Casa Gerardo, la fabada del siglo XXI

Pedro y Marcos Morán juegan en la primera liga culinaria en Asturias.

El padre se llama Pedro Morán, el hijo, Marcos, y entre los dos firman una de las cocinas más interesantes del Principado, altamente reconocida. Cuenta con tres soles de la guía Repsol, pero se le resiste la segunda estrella Michelin. Casa Gerardo, en Prendes (Asturias), tiene como seña de identidad la fabada, pero de sus fogones sale mucho más que el famoso plato asturiano.

El establecimiento fue fundado en 1882 por el bisabuelo del propietario, que lo abrió como casa de postas, y durante casi un siglo fue parada de diligencias y de autobuses que hacían la ruta entre Gijón y Avilés. No es de extrañar que la fama de sus deliciosas fabes y de su cremoso arroz con leche se voceara por todos los rincones, y dejara de ser considerado un restaurante del montón, a pie de carretera. Desde hace más de tres décadas juegan en la primera liga de la gastronomía de España, al convertir las clásicas recetas de los guisos que se elaboraban en una casa de comidas en una cocina de vanguardia del más alto nivel.

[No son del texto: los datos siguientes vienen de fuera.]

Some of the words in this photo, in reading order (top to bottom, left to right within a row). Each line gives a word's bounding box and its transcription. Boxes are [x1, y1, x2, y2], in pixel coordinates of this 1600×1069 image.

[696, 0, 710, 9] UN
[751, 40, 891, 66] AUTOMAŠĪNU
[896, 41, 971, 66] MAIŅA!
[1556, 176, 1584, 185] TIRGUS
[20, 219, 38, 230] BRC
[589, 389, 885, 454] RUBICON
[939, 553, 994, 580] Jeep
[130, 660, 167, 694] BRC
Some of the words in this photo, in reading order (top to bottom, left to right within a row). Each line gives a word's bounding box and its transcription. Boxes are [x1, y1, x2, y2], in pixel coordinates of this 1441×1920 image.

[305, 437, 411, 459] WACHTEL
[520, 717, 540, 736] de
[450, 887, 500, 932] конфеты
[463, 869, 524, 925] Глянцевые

Ha creado una cocina propia, sin desviarse ni un ápice de la esencia que durante cinco generaciones se ha cocido en esta casa. Los Morán -el padre es premio Nacional de Gastronomía 1983- son reconocidos por amar al terruño, el primer activo de cualquier cocina. La filosofía de Casa Gerardo es no traicionarse nunca; por ello tampoco decepcionan, algo que el hijo, Marcos, ha aprendido bien.

El secreto de la fabada en Casa Gerardo es sencillo: siempre utilizan faba fresca, nunca seca. Cuando se recoge, la envasan al vacío y la congelan. El trabajo que realizan es a la inversa: lo normal es que se sequen y luego se meten a remojo en agua. Ellos la mantienen con el mismo jugo vegetal que tiene en la planta. Esto hace que sean más cremosas y no absorban tanta grasa. Lo que Pedro denomina la fabada del siglo XXI, urbana.

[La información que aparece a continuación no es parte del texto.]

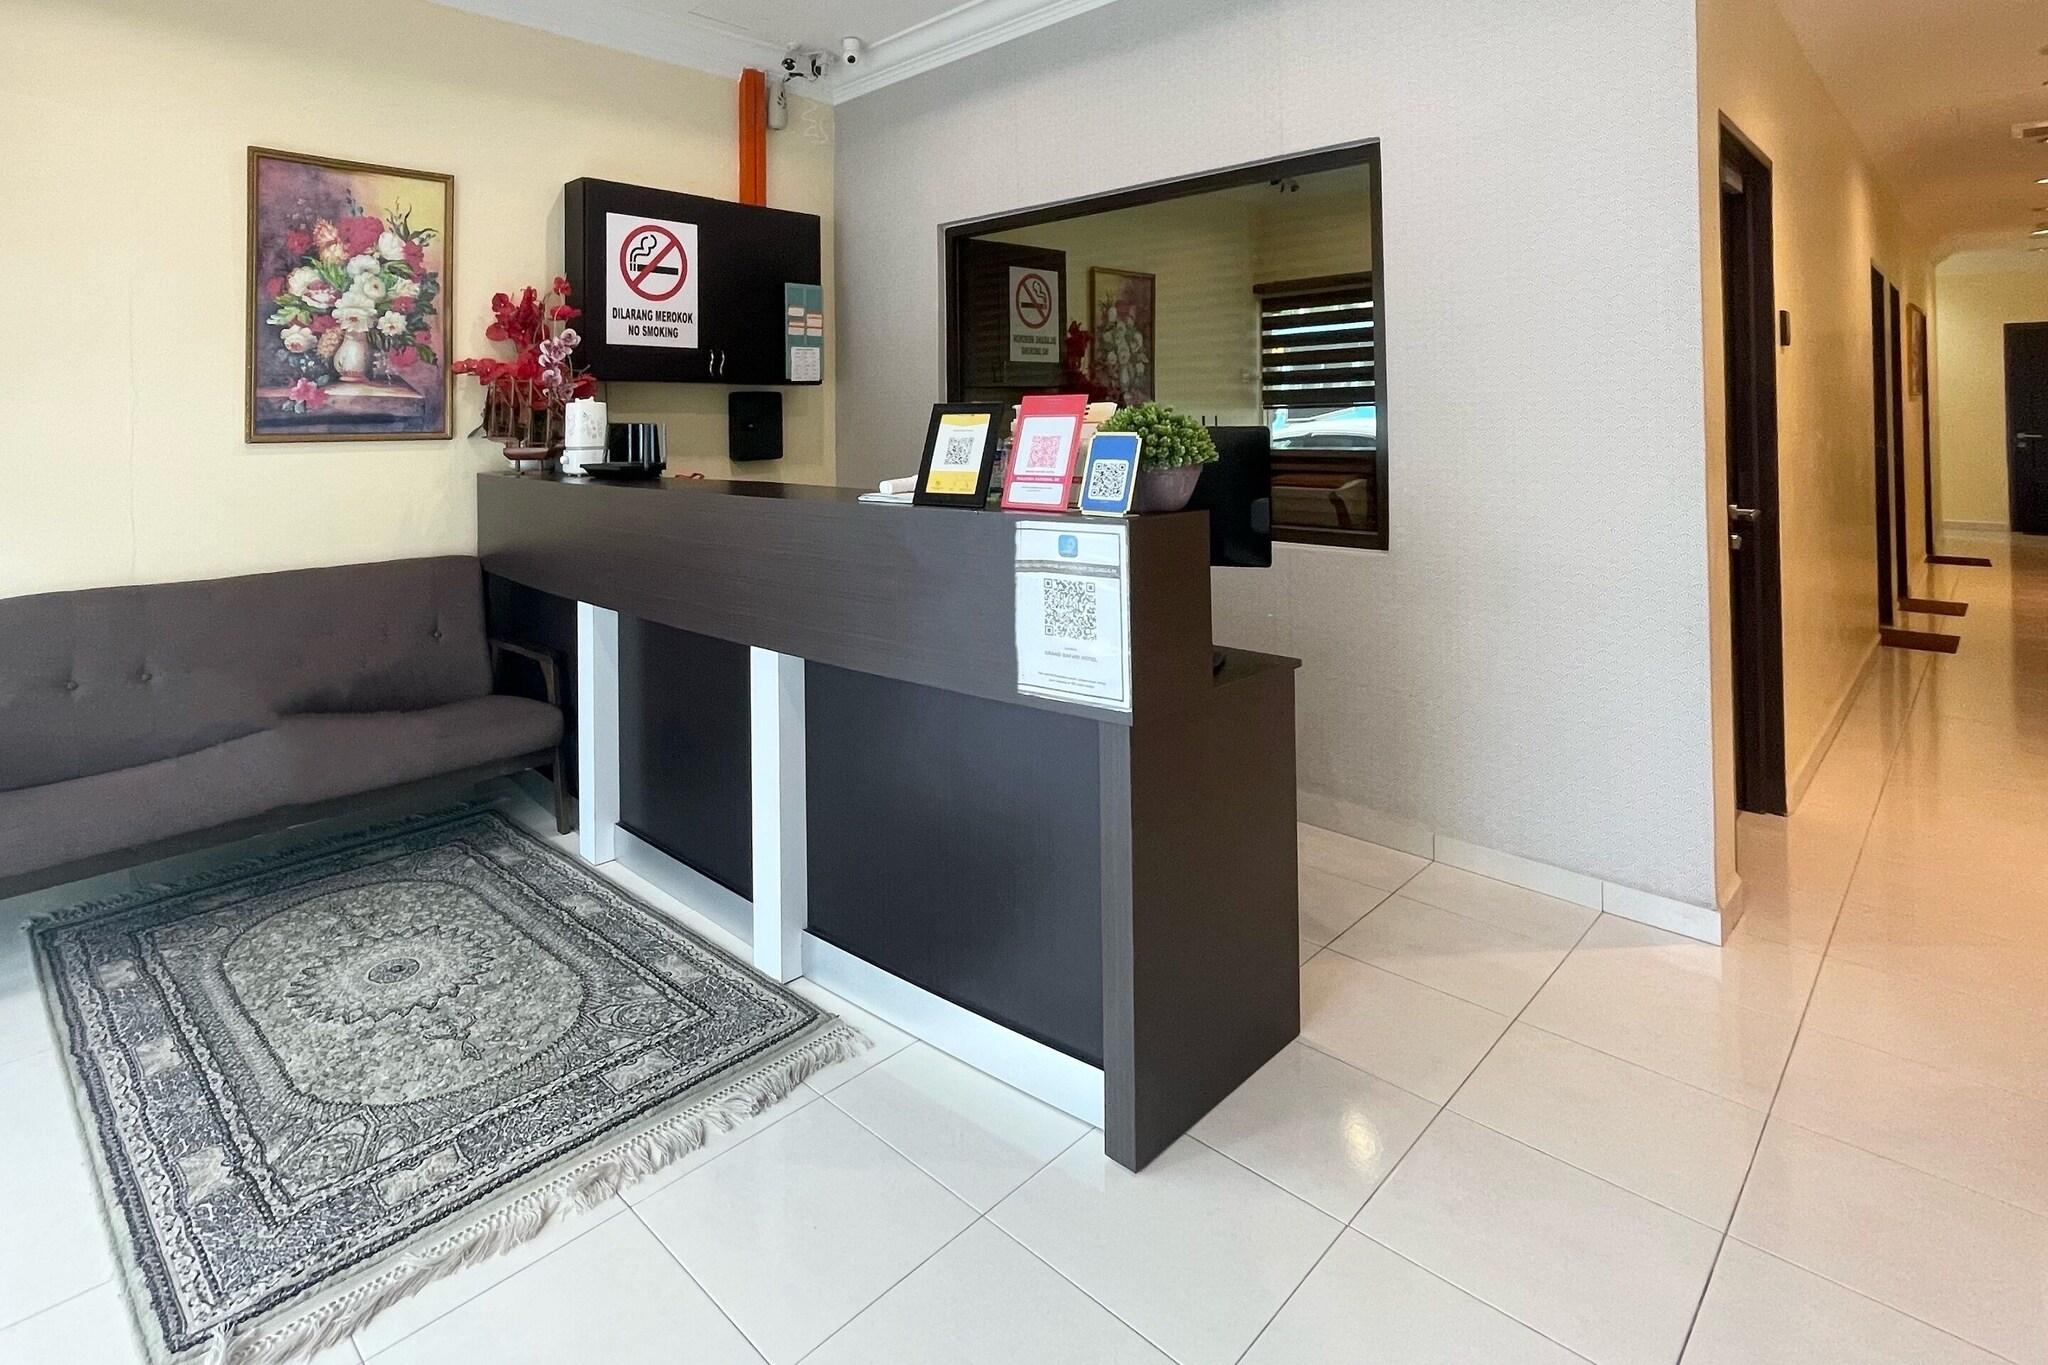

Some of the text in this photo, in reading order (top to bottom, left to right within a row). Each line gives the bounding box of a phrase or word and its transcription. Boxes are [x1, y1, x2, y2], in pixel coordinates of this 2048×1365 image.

[612, 307, 694, 324] DILARANG MEROKOK
[628, 324, 679, 338] NO SMOKING

Para empezar a abrir boca se puede optar por unas anchoas del Cantábrico, almejas de cuchillo a la plancha o foie gras escabechado, un plato datado en 1994. Pero también se puede escoger alternativas como una crema de nécoras, en carta desde 1960, o unas cigalas con pasta y berza asturiana. Poco a poco se va entrando en calor, sobre todo con la siguiente propuesta: pitu de caleya, o lo que es lo mismo, pollo criado en los caminos, lubina sobre emulsión de berberecho, cochinillo confitado y rustido, fabada de Prendes o las fabes con almejas.

El banquete se cierra con la crema de arroz con leche requemada. Para que nadie se quede con las ganas de probar varios platos existe la opción de distintos menús: de degustación, gastronómico -en el que se ofrece un repertorio de la cocina creativa asturiana- y el gourmet, que varía en función de la cocina de mercado.

Toda esta oferta hace que estemos hablando de uno de los grandes restaurantes de España. Es la recomendación correspondiente al mes de marzo del Club Millesime, que todos los meses selecciona un restaurante para CincoDías.

La decoración del local guarda la esencia de antaño y no ha caído en tentaciones ornamentales absurdas. Lo primero es lo primero: la cocina y la materia prima. El mercado de Gijón es uno de los lugares que más frecuentan los Morán en busca del mejor producto con el que llenar la despensa. Uno mantiene la memoria histórica y las recetas de los antepasados, el más joven ya tiene esa información, y juntos siguen creando, innovando, pero sobre todo salen cada día a comerse el mundo. La saga continua. Casa Gerardo está en la carretera AS-19 Gijón-Avilés, km 9, en Prendes (Asturias). Tel. 985 887 797. Su web es www.casa-gerardo.com.